Przewidzieć, że tak mocno jebnie to pewnie nie można było, ale ostrzeżenia przed burzami dla województw wydano, więc olać sprawy nie należało. Zarządzający takim obozem jest jak dupa od srania, aby przygotować obóz na uderzenia wiatru (wzmocnić naciągi, plan ewakuacji itd. itp.). W końcu to było obóz harcerski, a nie wycieczka maluchów z przedszkolankami. Taka nawałnica przychodzi w ciągu minut, ale nie sekund. Taki obóz to nie biwak gimbusów, powinno być przygotowane bezpieczne miejsce ewakuacji.
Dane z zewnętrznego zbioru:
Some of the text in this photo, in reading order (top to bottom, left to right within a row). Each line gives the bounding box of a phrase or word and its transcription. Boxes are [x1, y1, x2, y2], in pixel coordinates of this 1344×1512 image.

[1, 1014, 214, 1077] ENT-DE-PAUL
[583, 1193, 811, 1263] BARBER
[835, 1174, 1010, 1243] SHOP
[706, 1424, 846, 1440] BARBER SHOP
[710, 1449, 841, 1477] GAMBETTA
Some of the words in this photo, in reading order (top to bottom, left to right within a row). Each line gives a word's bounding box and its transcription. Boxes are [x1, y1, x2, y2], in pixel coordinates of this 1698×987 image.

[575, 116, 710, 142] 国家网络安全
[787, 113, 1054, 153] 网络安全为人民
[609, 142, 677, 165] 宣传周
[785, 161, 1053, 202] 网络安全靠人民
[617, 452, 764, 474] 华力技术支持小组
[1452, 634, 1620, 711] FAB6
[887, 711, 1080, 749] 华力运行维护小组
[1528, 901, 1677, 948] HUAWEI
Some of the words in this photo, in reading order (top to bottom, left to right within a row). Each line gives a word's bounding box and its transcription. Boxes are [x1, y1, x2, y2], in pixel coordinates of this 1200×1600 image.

Oczywiście może straty byłyby większe, ale znając polskie realia nie zrobiono nic. Winą trudno jednak obarczać tylko opiekunów. Obecnie młodzież jest jaka jest i na takie obozy jeżdżą również te dziewczynki co unikają wf-u itd., więc i taki obóz jest traktowany jako rozrywka a nie miejsce nauki. Ostatnio rozmawiałem z instruktorką z obozu żeglarskiego. Uczestnicy tak wszytko mają w dupie, że wariują do 3 w nocy mimo że cisza nocna jest o 23. W sumie wariować to by sobie mogli, gdyby nie fakt, że w ciągu dnia z 15 osób z grupy tylko kilka jest zdolne do zajęć z żaglowania czy nurkowania. Niby dlaczego tam miałoby być inaczej, bo to ZHR, ha, ha, ha. Mam kolegę w ZHR, tak jak tam jarali to nigdy...
Działania wojska to żenada. Oczywiście trudno winić szeregowych, ale za taki rozpizdziaj odpowiada rząd. By gdyby lokalni dowódcy byli pewni to przynajmniej część ruszyłaby dupy i pomogła, nawet sprzątać, ludziom zniszczenia w ramach zaprawy porannej, bez wielkiej ideologii do czego to służy wojsko. Wojsko ma być dla ludności wsparciem moralny w trudnych chwilach. Teraz to nikt na takie coś się nie odważy, bo o ile już wrócili z pielgrzymki to sraja pod siebie i boją się narazić Macierewiczowi i jego koleżkom. Jakby się okazało że kpt. Iksiński był na miejscu po dwóch godzinach, a MON zareagował po 4 dniach, jak ściągnięto z urlopów sekretarki, które wiedziały gdzie są odpowiednie pieczątki, to już dziś mógłby szukać nowej pracy...
Oto Polska właśnie...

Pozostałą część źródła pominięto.